Tuesday, March 10, 2009

In addition to screwing Derrick Gillenwater, did Kevin Barron smuggle drugs into the Walpole Prison? Norfolk Case No. 2008-350.

Note: Status Conference set for April 2, 2009.
There's Attorney Barron now, and as an infant, in the doctor's hands. In this post I asked what his problem is in taking care of the ineffective assistance of counsel he afforded to Derrick Gillenwater. But now I wonder how this case ever turned up for Attorney Barron.

By Martin Finucane, Globe Staff

A 46-year-old lawyer is facing several drug charges after he was allegedly found with packets of heroin as he was about to visit clients in the state prison in Walpole.

Kevin L. Barron was being searched by corrections officers at about 5 p.m. yesterday before entering MCI-Cedar Junction when the officers found "small packets of a powdery substance" that turned out to be heroin, said Norfolk district attorney's spokesman David Traub.

Barron pleaded not guilty today at his arraignment in Wrentham District Court to charges of delivering drugs to a prisoner, possession of a Class A substance, and possession with intent to distribute a Class A substance.....

......Judge Warren Powers also ordered Barron to stay away from the state prisons.
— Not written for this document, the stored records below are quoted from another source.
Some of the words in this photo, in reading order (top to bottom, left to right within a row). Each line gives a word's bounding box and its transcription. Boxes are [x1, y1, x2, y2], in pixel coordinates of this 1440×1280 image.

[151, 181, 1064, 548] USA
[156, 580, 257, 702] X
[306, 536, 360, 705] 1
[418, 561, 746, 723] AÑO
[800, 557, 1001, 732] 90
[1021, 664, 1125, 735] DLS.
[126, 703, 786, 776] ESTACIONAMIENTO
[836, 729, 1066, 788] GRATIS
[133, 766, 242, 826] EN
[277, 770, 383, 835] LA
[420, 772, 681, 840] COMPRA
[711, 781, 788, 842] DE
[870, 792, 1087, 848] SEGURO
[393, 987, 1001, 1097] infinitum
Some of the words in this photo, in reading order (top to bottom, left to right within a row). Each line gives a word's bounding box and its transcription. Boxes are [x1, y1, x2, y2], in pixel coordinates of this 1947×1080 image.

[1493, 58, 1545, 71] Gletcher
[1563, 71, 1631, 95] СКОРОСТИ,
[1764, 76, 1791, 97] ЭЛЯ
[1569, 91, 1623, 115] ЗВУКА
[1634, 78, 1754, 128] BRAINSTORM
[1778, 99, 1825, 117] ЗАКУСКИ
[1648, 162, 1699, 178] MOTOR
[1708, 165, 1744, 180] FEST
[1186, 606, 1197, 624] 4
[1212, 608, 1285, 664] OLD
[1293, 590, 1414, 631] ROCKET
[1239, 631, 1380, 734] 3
But Weinstein said he would seek to have that order modified "because he's a good lawyer and how else can he effectively represent his clients if he can't meet with them?"
.....Survey says, he can't effectively represent his clients in the first damn place, at least not Derrick Gillenwater, and that's a FACT.
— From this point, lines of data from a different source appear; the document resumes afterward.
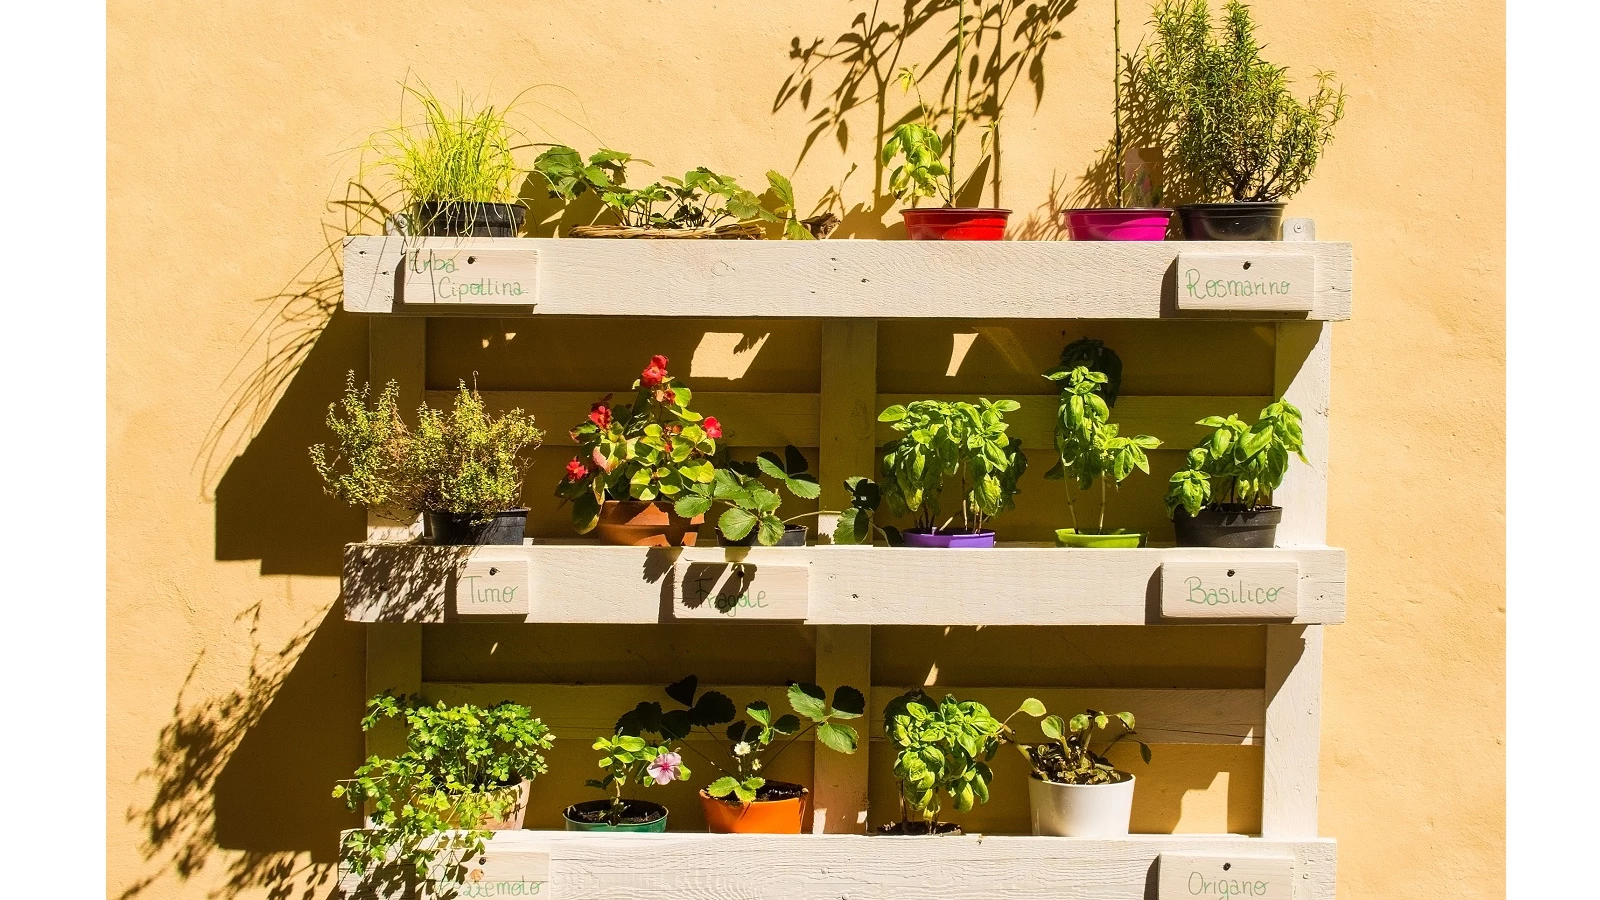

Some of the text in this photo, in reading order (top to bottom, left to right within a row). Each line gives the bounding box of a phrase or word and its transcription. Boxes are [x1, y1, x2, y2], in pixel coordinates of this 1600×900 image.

[438, 276, 529, 302] Cipollina
[1185, 268, 1290, 300] Rosmarino
[463, 575, 519, 604] Timo
[695, 577, 769, 617] Fragole
[1183, 576, 1285, 606] Basilico
[1188, 871, 1270, 900] Origano
Boston Criminal Lawyer Blog story.

Perhaps Mr. Gillenwater should request leave of court to inquire about the status of that case and any other alleged or proved crimes of moral turpitude, deceit or dishonesty. Or perhaps Attorney Barron and his insurance carrier should just Man Up and pay the fare for ineffective assistance of counsel, instead of getting these morally bankrupt judges to come hither.


opencourts said...

Some lawyers get too big for their britches; fancy themselves invincible.

Let this blog be a painful reminder to them that pride and myopia come before a fall.

-Boston Bob

opencourts said...

Boston Criminal Lawyer Blog

Being convicted for a drug crime in Massachusetts is a very serious offense. The ramifications on a convicted person’s life—even after spending time in prison and paying any imposed fines—can be extremely harsh. A person convicted of a drug crime may have a hard time getting a job, getting into college, obtaining financial aid, joining the U.S. armed forces, or becoming a U.S. citizen. A drug conviction can even lead to loss of driving privileges or deportation. An attorney who is convicted of a drug crime may have his or her license to practice law suspended.